Илай Фокс мрачно посмотрел на него, выхлебал из стакана мутное пойло и стукнул донышком по столу:
— По три выстрела, сэр! Они сделают по три выстрела, — завидев, что я подошел поближе, он помахал рукой, подзывая к столу, — Вот — человек военный, да еще и из Империи... Ну, хоть вы скажите этому энтузиасту — война с гемайнами ведь сущий бред, да?
— Любая война — это самый худший кошмар, который только можно себе вообразить, — с готовностью подтвердил я, — Но люди — существа напрочь иррациональные и готовы делать бред с завидной регулярностью.
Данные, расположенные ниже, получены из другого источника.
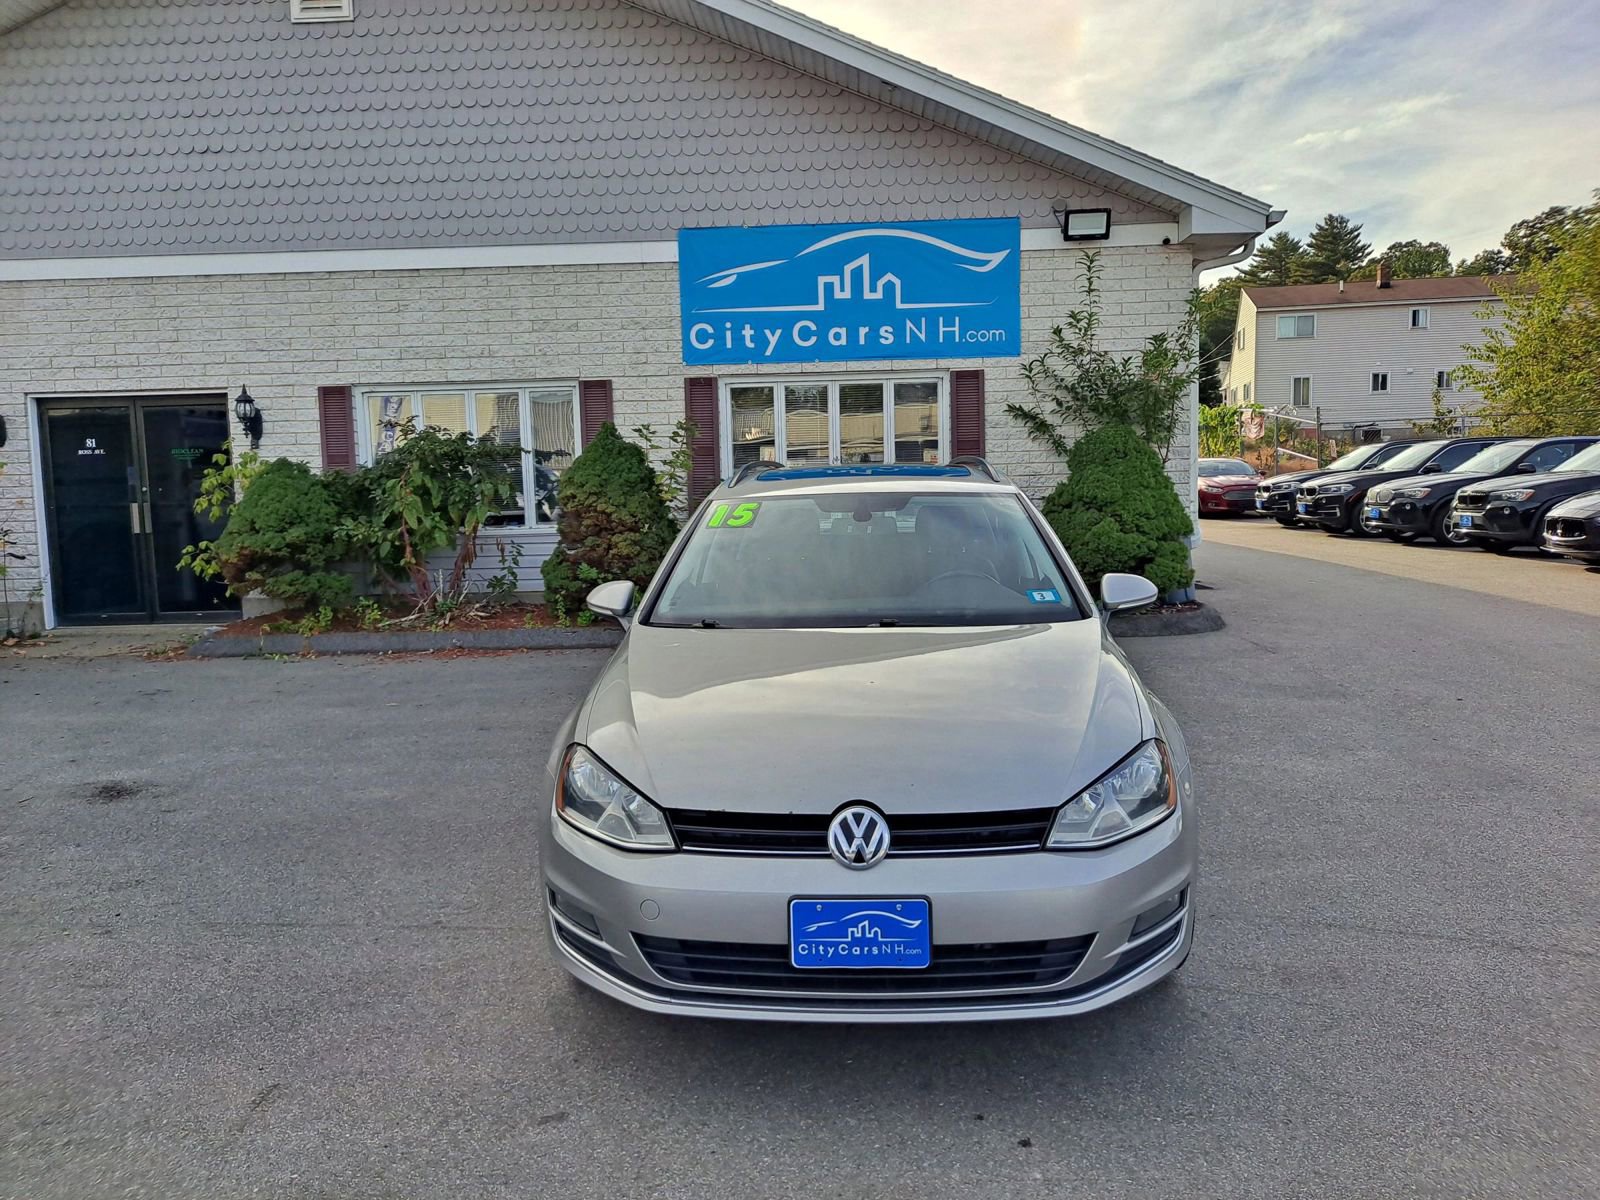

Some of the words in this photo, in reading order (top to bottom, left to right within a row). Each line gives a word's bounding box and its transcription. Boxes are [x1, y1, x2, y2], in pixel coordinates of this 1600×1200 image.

— Война есть продолжение политики другими средствами, — проговорил интеллигент, — Нация куется в горниле сражений и испытаний, а не за столом переговоров.
Это звучало слишком по-лоялистски, и я сжал кулаки. Фокс заметил мое состояние и с усилием поднялся из-за стола.
— Пойдемте собираться. Вон, "Бабочка" уже на подходе...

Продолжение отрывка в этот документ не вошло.